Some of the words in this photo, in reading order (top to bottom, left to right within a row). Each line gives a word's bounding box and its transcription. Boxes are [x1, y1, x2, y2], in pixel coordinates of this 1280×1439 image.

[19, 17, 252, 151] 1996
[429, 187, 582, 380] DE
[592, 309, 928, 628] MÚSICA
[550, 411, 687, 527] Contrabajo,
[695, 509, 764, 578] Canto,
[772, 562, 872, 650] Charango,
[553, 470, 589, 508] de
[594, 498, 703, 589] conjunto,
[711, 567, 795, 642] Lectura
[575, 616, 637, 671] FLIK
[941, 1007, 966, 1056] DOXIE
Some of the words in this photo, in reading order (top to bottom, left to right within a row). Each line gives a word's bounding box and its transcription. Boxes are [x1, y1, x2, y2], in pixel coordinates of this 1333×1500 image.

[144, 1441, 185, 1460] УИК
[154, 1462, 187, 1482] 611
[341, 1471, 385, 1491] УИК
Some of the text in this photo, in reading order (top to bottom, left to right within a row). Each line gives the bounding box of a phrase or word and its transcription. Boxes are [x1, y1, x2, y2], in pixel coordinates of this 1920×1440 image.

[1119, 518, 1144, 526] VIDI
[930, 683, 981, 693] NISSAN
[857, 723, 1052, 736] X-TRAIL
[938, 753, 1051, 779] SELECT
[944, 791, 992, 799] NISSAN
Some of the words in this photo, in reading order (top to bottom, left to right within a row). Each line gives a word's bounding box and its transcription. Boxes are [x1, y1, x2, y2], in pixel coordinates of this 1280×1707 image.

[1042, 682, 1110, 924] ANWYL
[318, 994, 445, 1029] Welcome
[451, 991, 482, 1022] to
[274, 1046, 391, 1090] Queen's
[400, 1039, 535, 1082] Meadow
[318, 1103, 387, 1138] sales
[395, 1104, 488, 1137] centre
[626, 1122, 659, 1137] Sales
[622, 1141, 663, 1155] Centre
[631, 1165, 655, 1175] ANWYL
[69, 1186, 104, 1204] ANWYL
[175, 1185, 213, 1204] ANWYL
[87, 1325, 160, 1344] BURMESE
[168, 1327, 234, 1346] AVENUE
+===+
#### What to produce
Restating all of the data exactly is the whole task.

#### Worked solution
Some of the words in this photo, in reading order (top to bottom, left to right within a row). Each line gives a word's bounding box and its transcription. Boxes are [x1, y1, x2, y2], in pixel coordinates of this 1280×1439 image.

[19, 17, 252, 151] 1996
[429, 187, 582, 380] DE
[592, 309, 928, 628] MÚSICA
[550, 411, 687, 527] Contrabajo,
[695, 509, 764, 578] Canto,
[772, 562, 872, 650] Charango,
[553, 470, 589, 508] de
[594, 498, 703, 589] conjunto,
[711, 567, 795, 642] Lectura
[575, 616, 637, 671] FLIK
[941, 1007, 966, 1056] DOXIE
Some of the words in this photo, in reading order (top to bottom, left to right within a row). Each line gives a word's bounding box and its transcription. Boxes are [x1, y1, x2, y2], in pixel coordinates of this 1333×1500 image.

[144, 1441, 185, 1460] УИК
[154, 1462, 187, 1482] 611
[341, 1471, 385, 1491] УИК
Some of the text in this photo, in reading order (top to bottom, left to right within a row). Each line gives the bounding box of a phrase or word and its transcription. Boxes are [x1, y1, x2, y2], in pixel coordinates of this 1920×1440 image.

[1119, 518, 1144, 526] VIDI
[930, 683, 981, 693] NISSAN
[857, 723, 1052, 736] X-TRAIL
[938, 753, 1051, 779] SELECT
[944, 791, 992, 799] NISSAN
Some of the words in this photo, in reading order (top to bottom, left to right within a row). Each line gives a word's bounding box and its transcription. Boxes are [x1, y1, x2, y2], in pixel coordinates of this 1280×1707 image.

[1042, 682, 1110, 924] ANWYL
[318, 994, 445, 1029] Welcome
[451, 991, 482, 1022] to
[274, 1046, 391, 1090] Queen's
[400, 1039, 535, 1082] Meadow
[318, 1103, 387, 1138] sales
[395, 1104, 488, 1137] centre
[626, 1122, 659, 1137] Sales
[622, 1141, 663, 1155] Centre
[631, 1165, 655, 1175] ANWYL
[69, 1186, 104, 1204] ANWYL
[175, 1185, 213, 1204] ANWYL
[87, 1325, 160, 1344] BURMESE
[168, 1327, 234, 1346] AVENUE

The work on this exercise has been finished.